The call does not spell out the talks’ schedule, scope, substance, or venue. Meanwhile, the Taliban has rejected the Jirga as a “U.S.-sponsored farce.” It is opposed to the U.S.-backed Northern Alliance government in Kabul and wants troops led by the United States and NATO (North Atlantic Treaty Organization) to leave Afghanistan. This issue of foreign troop withdrawal was controversial at the Jirga. Although carefully screened by their respective governments, a smattering of Jirga members did manage to articulate their support for the Taliban’s call for foreign troops to leave, which they wished to replace with those of Islamic countries.

Many obstacles remain in the path of opening talks with the Taliban. The peace Jirga in Kabul is subject to conflicts between the leaders of Afghanistan and Pakistan as well as pressures from the great powers.
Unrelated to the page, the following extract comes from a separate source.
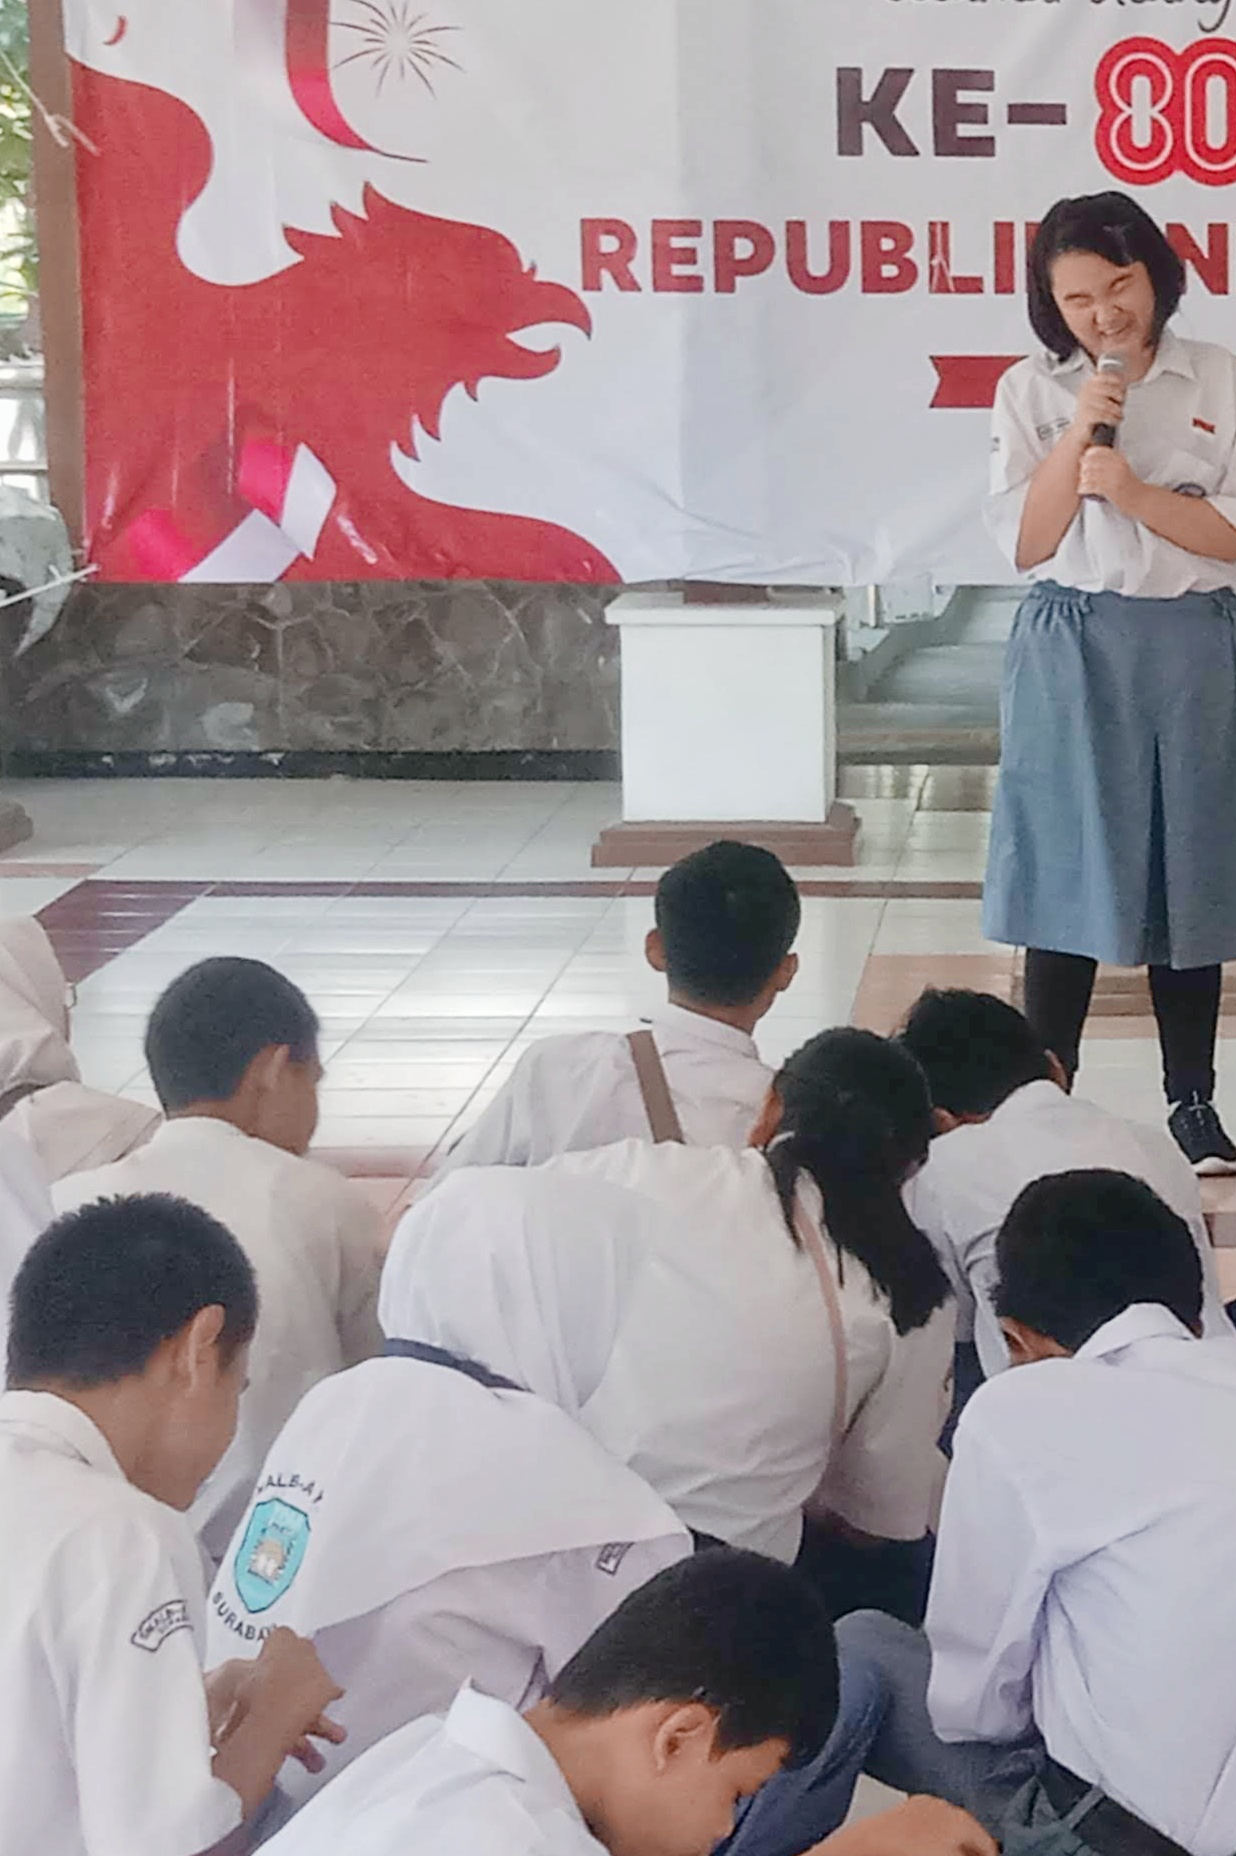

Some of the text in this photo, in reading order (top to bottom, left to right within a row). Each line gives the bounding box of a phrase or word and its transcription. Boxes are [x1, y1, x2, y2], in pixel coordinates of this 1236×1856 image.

[836, 66, 1068, 157] KE-
[580, 218, 1041, 295] REPUBLI
[212, 1591, 277, 1642] SURABA
For all its shortcomings, though, the Jirga’s call for greater dialogue and its wide representation from both sides of the border suggests that it could serve as a key mechanism for resolving the swath of conflicts across Southwest Asia.

Call to Replace Foreign Troops

The key conflict at the peace Jirga was the issue of foreign troops and Pakistan’s behind-the-scenes support for withdrawal. On April 8, London’s Daily Telegraph, reported that Pakistan had urged the United Kingdom and the United States to pull out of Afghanistan. The suggestion, according to the newspaper, “reflects the growing belief in Islamabad that NATO is as much to blame for the endurance of the Islamic rebel army as Pakistan.” In public, however, Pakistan is more circumspect. A day before the Telegraph’s report, Khurshid Kasuri, Pakistan’s foreign minister, said: “NATO should consider holding talks with Taliban leaders.” He added that “Britain in particular should know the limitations of a purely military approach in Afghanistan.” This nuanced caution refers to Britain’s three failed military campaigns in Afghanistan since the beginning of the 20th century.

Britain, however, taps into a different history of its conflicts to determine the length of its stay in Afghanistan. Drawing on his country’s military campaign against the Irish Republican Army (IRA), a senior British commander estimates that Britain will need “38 years” to pacify the Taliban in Afghanistan. Minority ethnic communities in Afghanistan, especially Tajiks, Uzbeks, and Hazaras would welcome Britain’s long-term commitment. The Taliban, who are predominantly drawn from the majority ethnic group of Pashtuns, opposes such resolve. Also, neighboring countries are likely to resist British intent.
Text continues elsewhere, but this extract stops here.